### Task material ###
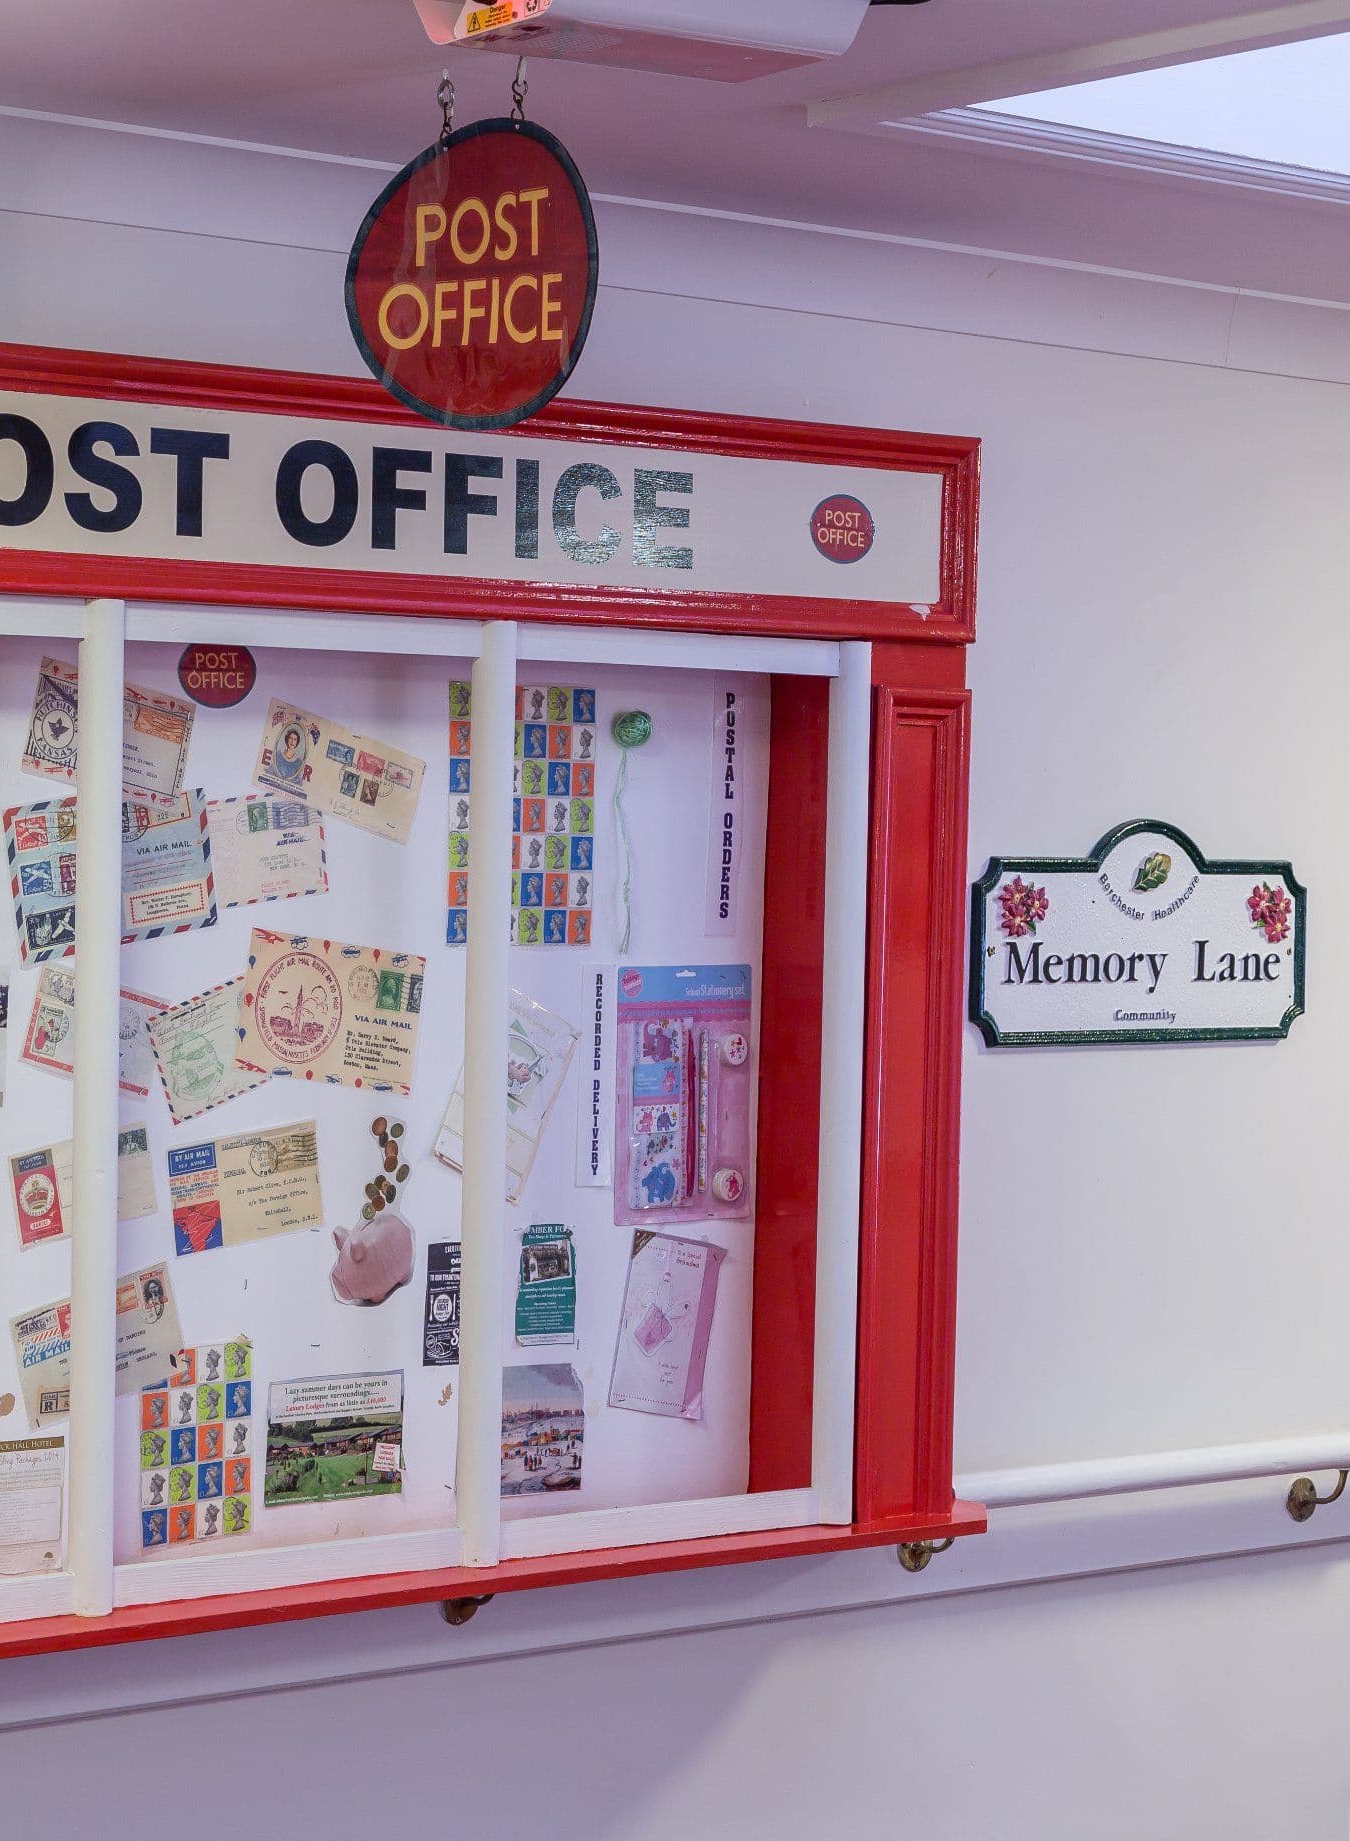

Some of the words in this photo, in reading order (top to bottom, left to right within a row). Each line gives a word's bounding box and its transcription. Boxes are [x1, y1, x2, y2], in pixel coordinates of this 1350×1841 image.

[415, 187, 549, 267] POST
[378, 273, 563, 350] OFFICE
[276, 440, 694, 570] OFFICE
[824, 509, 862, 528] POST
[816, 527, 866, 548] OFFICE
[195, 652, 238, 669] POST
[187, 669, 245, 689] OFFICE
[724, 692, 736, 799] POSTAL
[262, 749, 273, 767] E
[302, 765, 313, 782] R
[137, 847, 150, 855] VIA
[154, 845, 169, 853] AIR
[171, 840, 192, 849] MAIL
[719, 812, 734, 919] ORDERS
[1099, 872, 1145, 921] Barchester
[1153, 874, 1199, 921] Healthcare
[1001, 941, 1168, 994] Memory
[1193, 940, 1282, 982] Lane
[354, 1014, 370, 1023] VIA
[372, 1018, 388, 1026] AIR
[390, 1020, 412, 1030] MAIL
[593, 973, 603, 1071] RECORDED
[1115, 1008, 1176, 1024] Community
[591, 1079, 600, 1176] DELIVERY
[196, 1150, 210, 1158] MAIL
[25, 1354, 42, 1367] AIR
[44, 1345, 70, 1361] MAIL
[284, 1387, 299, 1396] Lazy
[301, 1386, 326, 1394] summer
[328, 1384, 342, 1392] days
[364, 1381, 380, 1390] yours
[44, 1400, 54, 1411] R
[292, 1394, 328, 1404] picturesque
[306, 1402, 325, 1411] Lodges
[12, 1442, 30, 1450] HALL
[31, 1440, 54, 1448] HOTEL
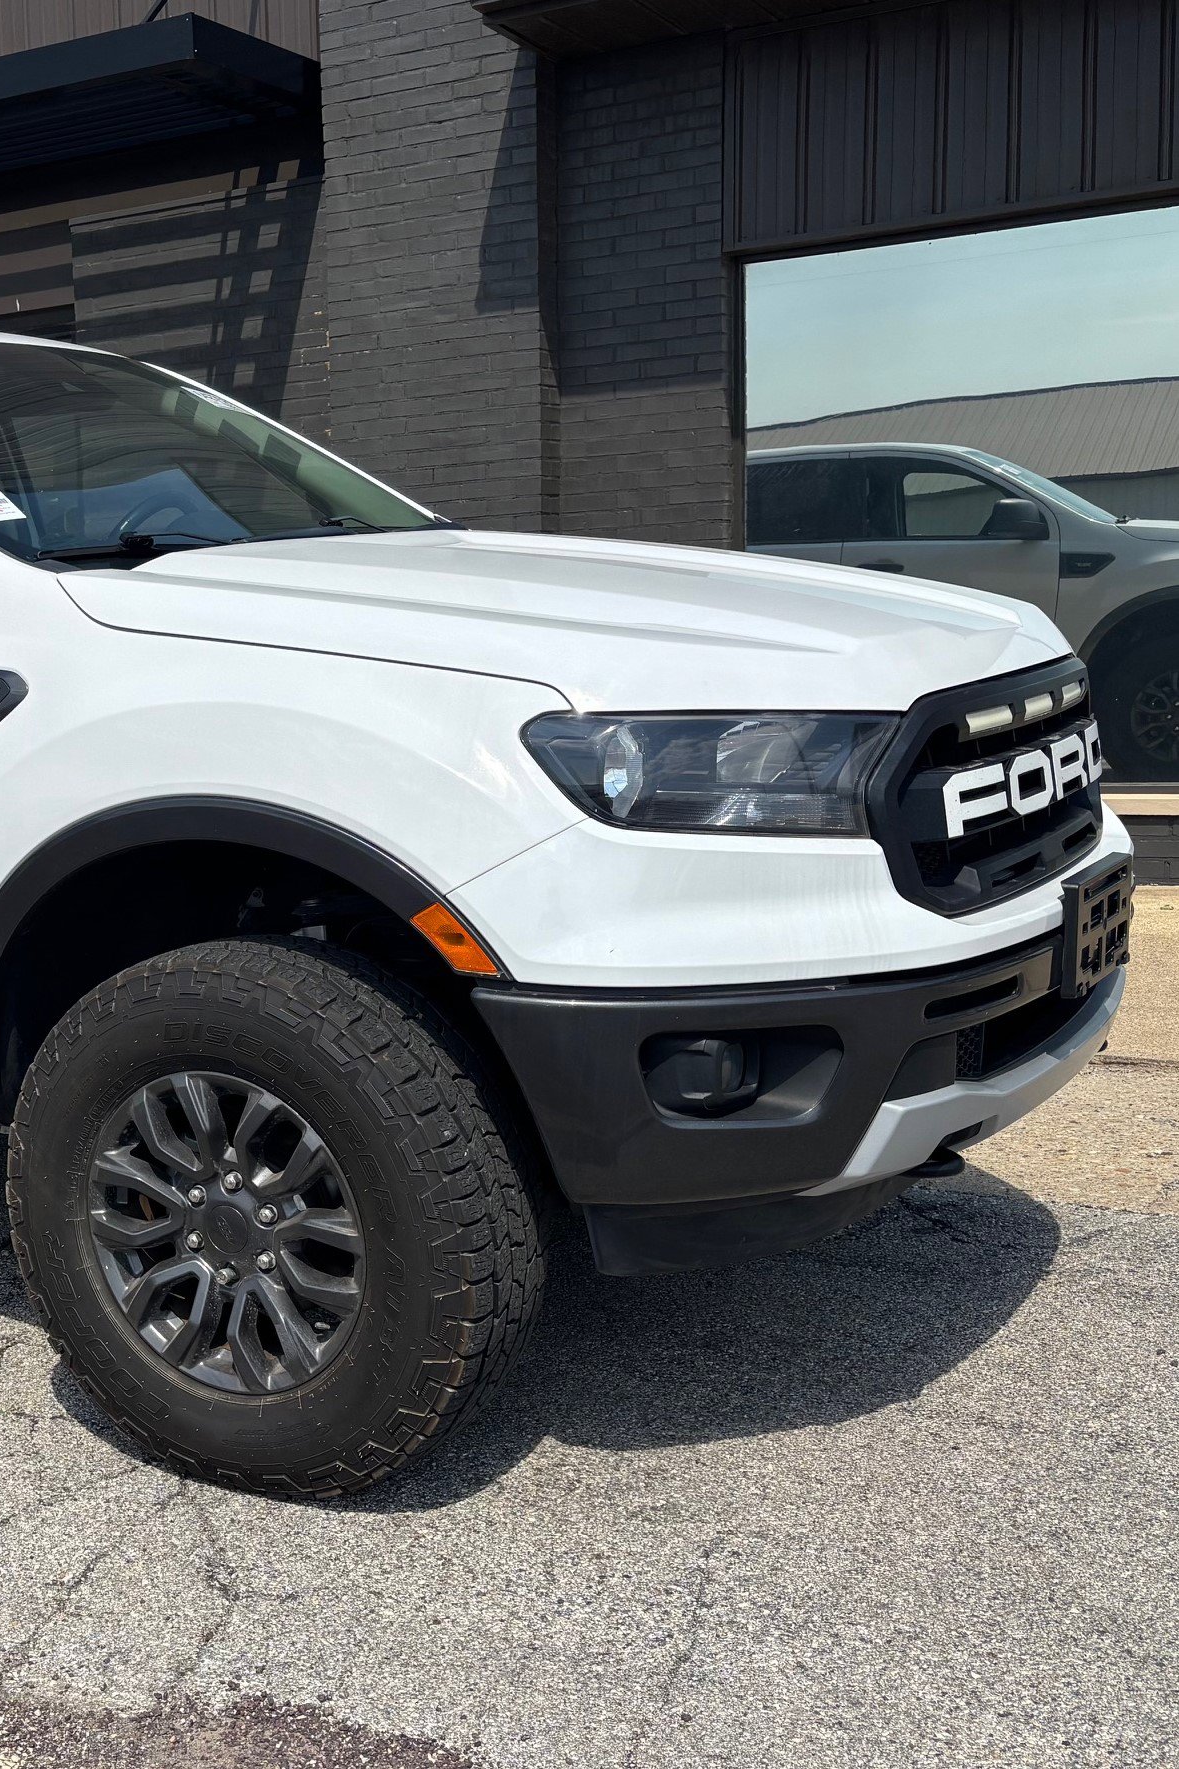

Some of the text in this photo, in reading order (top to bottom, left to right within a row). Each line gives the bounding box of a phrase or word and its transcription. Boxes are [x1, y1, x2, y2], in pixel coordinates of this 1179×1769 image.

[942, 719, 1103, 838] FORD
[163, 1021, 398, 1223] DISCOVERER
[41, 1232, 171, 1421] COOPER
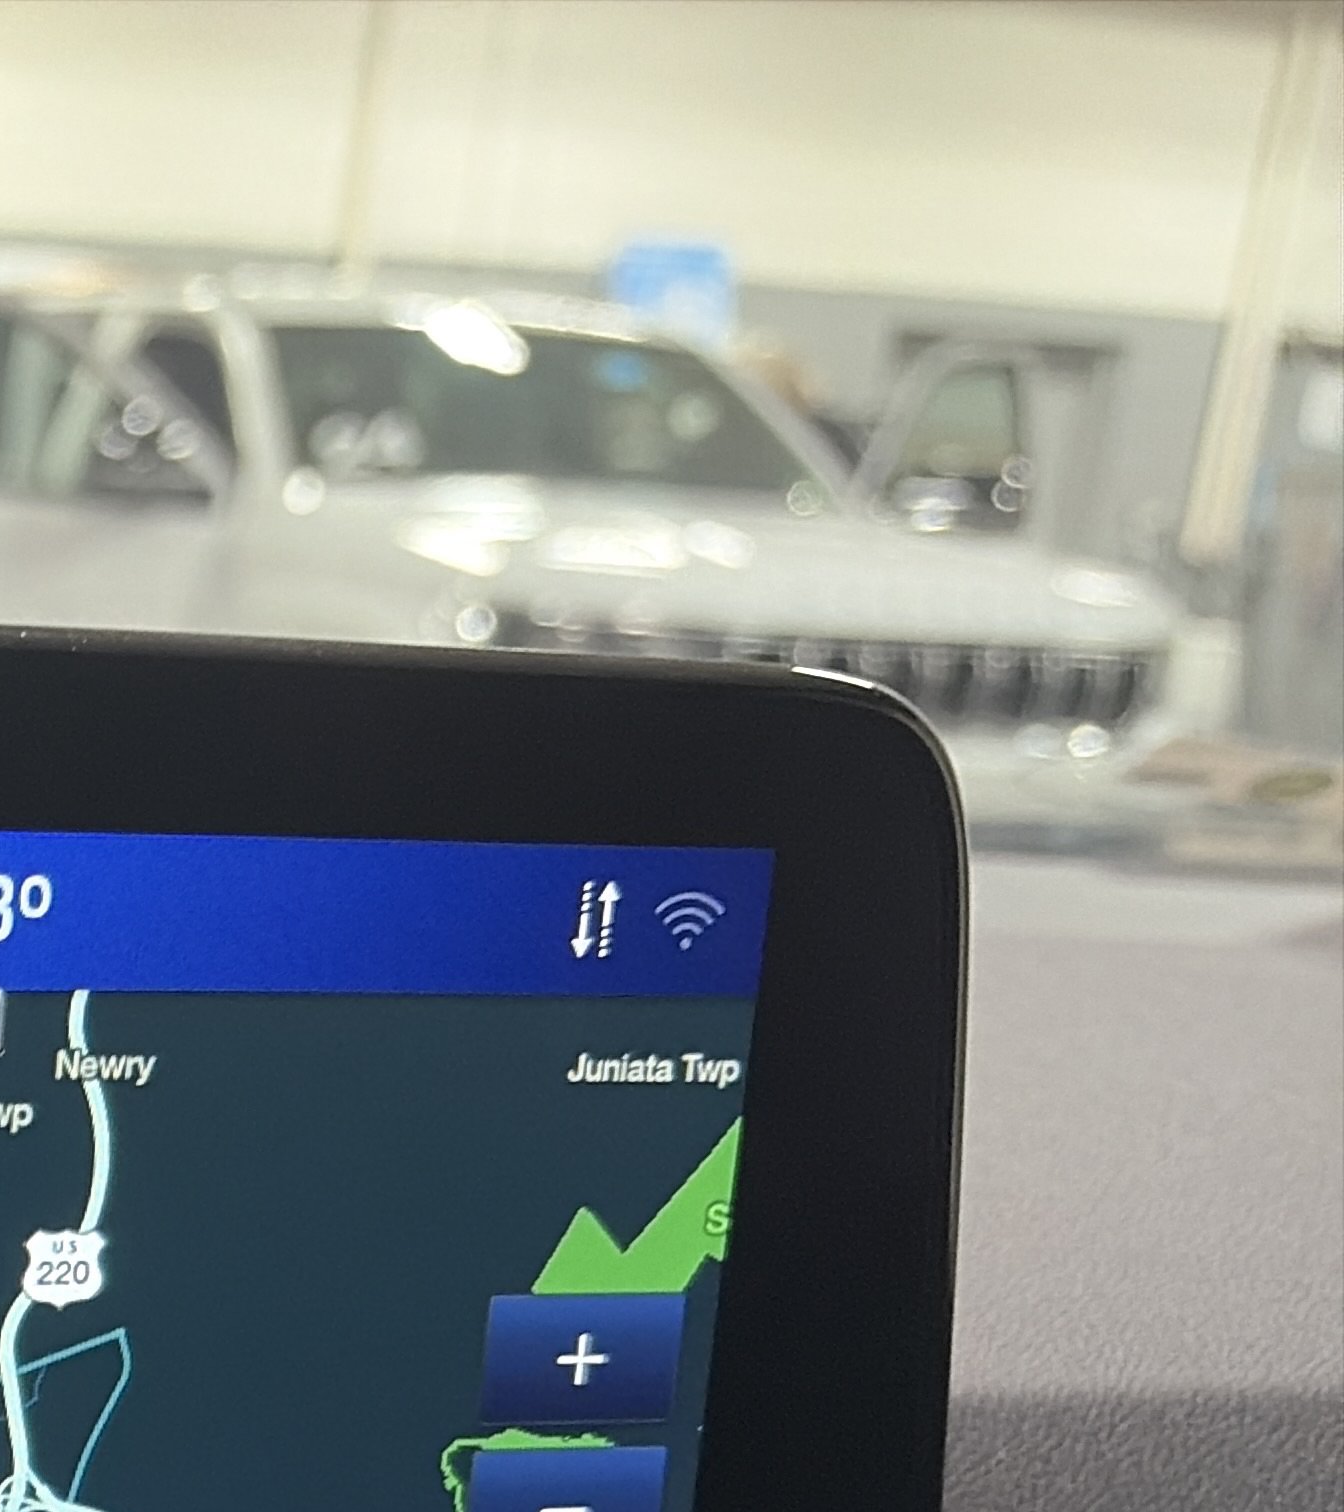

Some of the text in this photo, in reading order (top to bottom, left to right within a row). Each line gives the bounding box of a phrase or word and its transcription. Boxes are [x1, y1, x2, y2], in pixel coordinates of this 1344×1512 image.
###
Your instructions —
Exact copy, no pictures: reproduce every record as it stands.

Result for this exercise —
Some of the words in this photo, in reading order (top to bottom, left to right within a row). Each line gives a word's bounding box and its transcription. Boxes are [x1, y1, x2, y2], in pixel coordinates of this 1350×1841 image.

[415, 187, 549, 267] POST
[378, 273, 563, 350] OFFICE
[276, 440, 694, 570] OFFICE
[824, 509, 862, 528] POST
[816, 527, 866, 548] OFFICE
[195, 652, 238, 669] POST
[187, 669, 245, 689] OFFICE
[724, 692, 736, 799] POSTAL
[262, 749, 273, 767] E
[302, 765, 313, 782] R
[137, 847, 150, 855] VIA
[154, 845, 169, 853] AIR
[171, 840, 192, 849] MAIL
[719, 812, 734, 919] ORDERS
[1099, 872, 1145, 921] Barchester
[1153, 874, 1199, 921] Healthcare
[1001, 941, 1168, 994] Memory
[1193, 940, 1282, 982] Lane
[354, 1014, 370, 1023] VIA
[372, 1018, 388, 1026] AIR
[390, 1020, 412, 1030] MAIL
[593, 973, 603, 1071] RECORDED
[1115, 1008, 1176, 1024] Community
[591, 1079, 600, 1176] DELIVERY
[196, 1150, 210, 1158] MAIL
[25, 1354, 42, 1367] AIR
[44, 1345, 70, 1361] MAIL
[284, 1387, 299, 1396] Lazy
[301, 1386, 326, 1394] summer
[328, 1384, 342, 1392] days
[364, 1381, 380, 1390] yours
[44, 1400, 54, 1411] R
[292, 1394, 328, 1404] picturesque
[306, 1402, 325, 1411] Lodges
[12, 1442, 30, 1450] HALL
[31, 1440, 54, 1448] HOTEL

Some of the text in this photo, in reading order (top to bottom, left to right within a row). Each line gives the bounding box of a phrase or word and its transcription. Boxes are [x1, y1, x2, y2], in pixel coordinates of this 1179×1769 image.

[942, 719, 1103, 838] FORD
[163, 1021, 398, 1223] DISCOVERER
[41, 1232, 171, 1421] COOPER

Some of the text in this photo, in reading order (top to bottom, left to right within a row). Each line gives the bounding box of a phrase or word and its transcription. Boxes are [x1, y1, x2, y2], in pixel coordinates of this 1344×1512 image.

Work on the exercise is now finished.